◆ **TO DO**
The reply should contain all the data below, repeated exactly, and none of the images.

┌────────

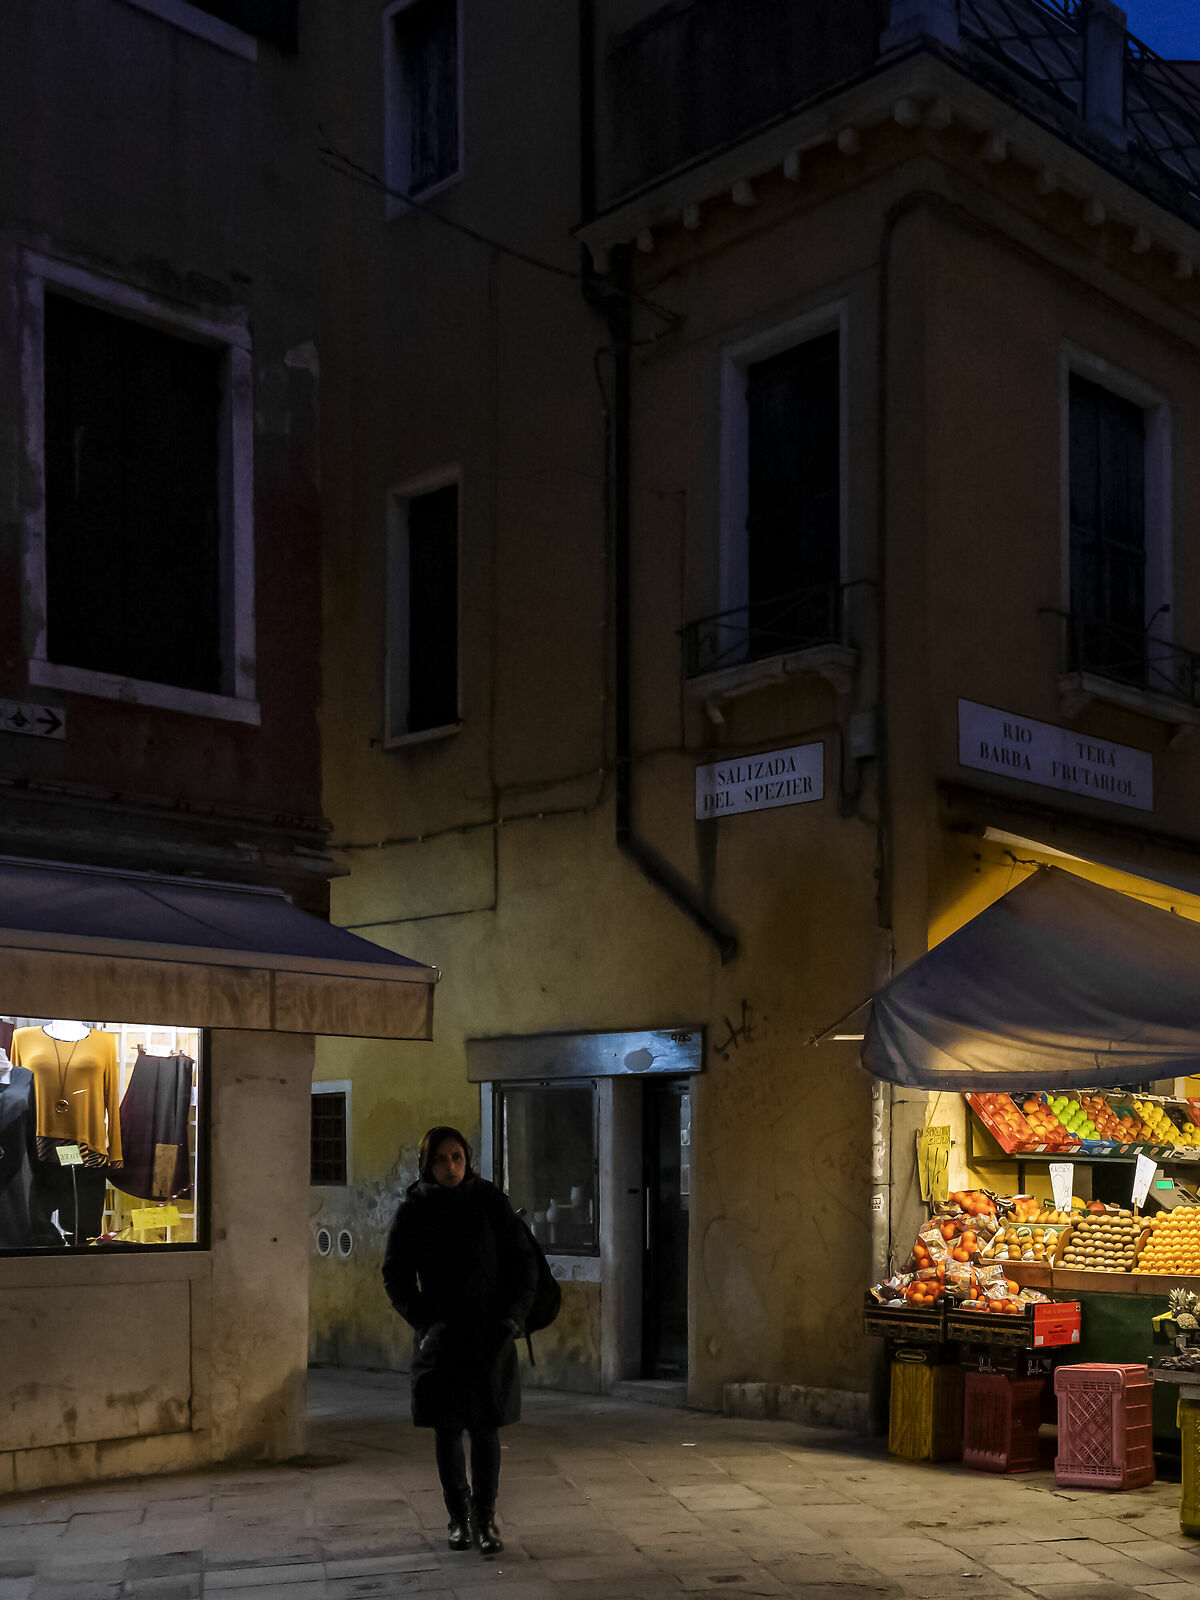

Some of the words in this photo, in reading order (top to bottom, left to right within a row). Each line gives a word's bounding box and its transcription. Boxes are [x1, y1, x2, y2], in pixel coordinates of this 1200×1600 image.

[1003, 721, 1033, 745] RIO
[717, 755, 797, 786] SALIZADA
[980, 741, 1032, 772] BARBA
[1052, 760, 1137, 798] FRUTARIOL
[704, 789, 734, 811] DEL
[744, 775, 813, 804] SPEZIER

└────────

◆ **EXERCISE SOLUTION**
Some of the words in this photo, in reading order (top to bottom, left to right within a row). Each line gives a word's bounding box and its transcription. Boxes are [x1, y1, x2, y2], in pixel coordinates of this 1200×1600 image.

[1003, 721, 1033, 745] RIO
[717, 755, 797, 786] SALIZADA
[980, 741, 1032, 772] BARBA
[1052, 760, 1137, 798] FRUTARIOL
[704, 789, 734, 811] DEL
[744, 775, 813, 804] SPEZIER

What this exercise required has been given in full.